Each resource is accessible as a method on the client:



```ruby

client.users

client.sessions

client.subdomains

```



These return `Clowk::SDK::Resource` subclasses with a standard CRUD interface:



```ruby

client.users.list

client.users.find('user_123')

client.users.show('user_123')

client.users.destroy('user_123')

```



### Token verification



```ruby

response = client.tokens.verify(token: params[:token])



response.status       # => 200

response.success?     # => true

response.body_parsed  # => { 'valid' => true }

```



### Subdomain resolution



```ruby

response = client.subdomains.find_by_pk('pk_live_xxx')

```



### Search operators



The `search` method uses a Zendesk-style query syntax. You can use keyword arguments or a raw string for advanced operators.



**Keywords:**



```ruby

client.users.search(email: "user@example.com")

# GET /users/search?query=email%3Auser%40example.com



client.users.search(status: "active", role: "admin")

# GET /users/search?query=status%3Aactive+role%3Aadmin

```



**Raw string** for custom operators like `>`, `<`, `>=`:



```ruby

client.users.search("email:user@example.com active:true created_at>2026-01-01")

# GET /users/search?query=email%3Auser%40example.com+active%3Atrue+created_at%3E2026-01-01

```



The raw string is sent as-is, giving full control over the query syntax. The API backend parses and applies the operators.



### Raw HTTP methods



The client also exposes raw HTTP methods for custom requests:



```ruby

client.get('custom/endpoint')

client.post('custom/endpoint', { key: 'value' })

client.put('custom/endpoint', { key: 'value' })

client.patch('custom/endpoint', { key: 'value' })

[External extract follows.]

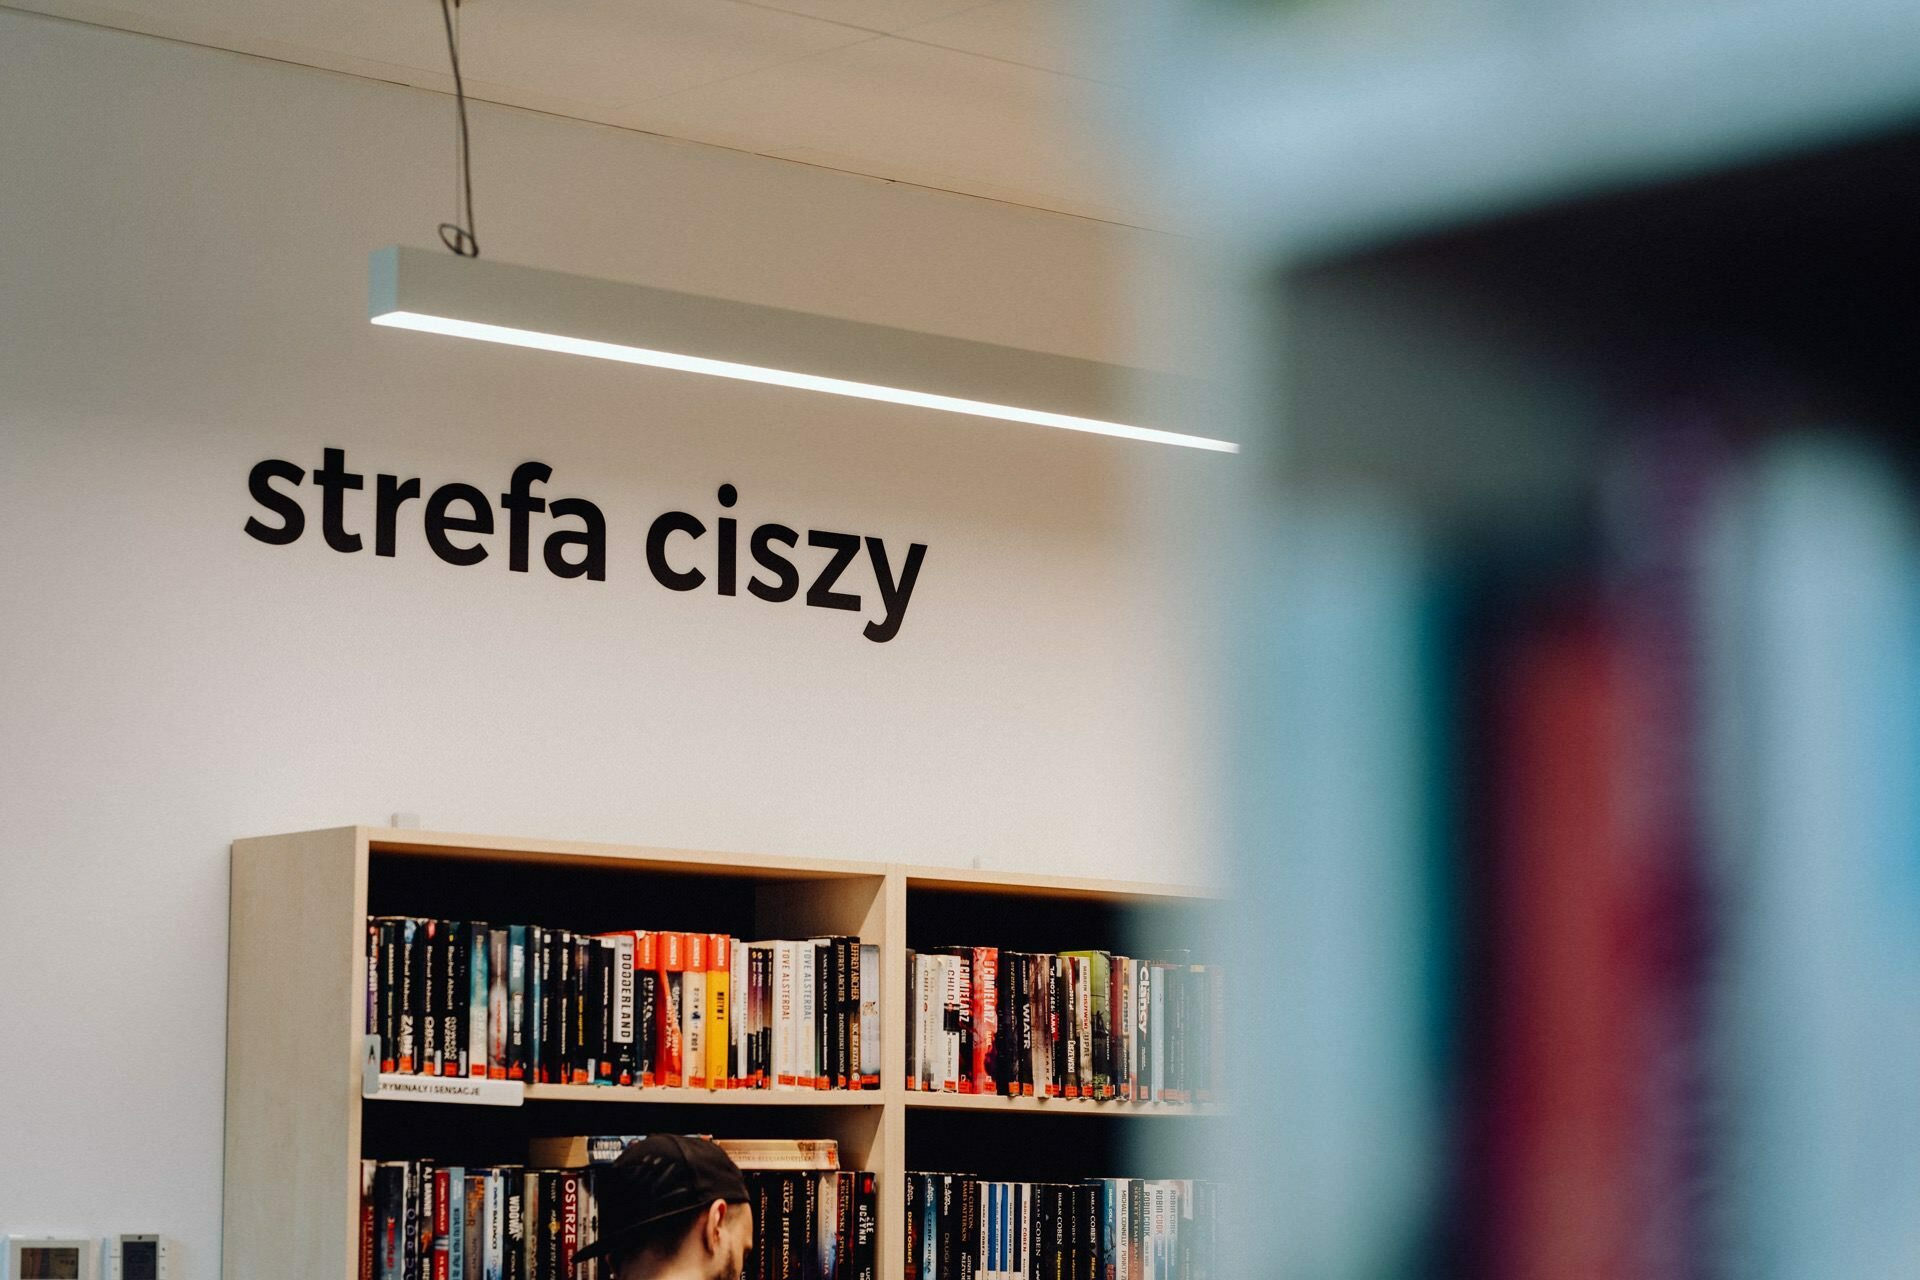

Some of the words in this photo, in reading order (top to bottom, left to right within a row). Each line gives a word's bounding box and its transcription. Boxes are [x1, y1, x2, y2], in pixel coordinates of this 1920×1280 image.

client.delete('custom/endpoint')

client.head('custom/endpoint')

client.options('custom/endpoint')

```



## `Clowk::Http::Response`



HTTP responses are returned as `Clowk::Http::Response` objects.



```ruby

response = client.get('users/user_123')



response.status       # => 200

response.success?     # => true

response.body         # => '{"id":"user_123"}'

response.body_parsed  # => { 'id' => 'user_123' }

response.headers      # => { 'content-type' => ['application/json'] }

```



For compatibility, the response also supports:



```ruby

response[:status]

response[:success?]

response.to_h

```



## HTTP middleware



`Clowk::Http` uses a small internal middleware stack built on `Net::HTTP`.



Included behavior:



- request and response logging

- open, read, and write timeouts

- retry on retryable network errors

- automatic JSON request encoding

- automatic `body_parsed` JSON decoding when possible



## Scope



This gem is intentionally narrow. It does not try to replace your entire app session architecture or act as an auth server.



Its job is to make the Rails side of Clowk integration predictable:



- start authentication

- validate callbacks safely

- expose a clean authenticated subject

- make future Clowk API access straightforward



## License



MIT. See `LICENSE`.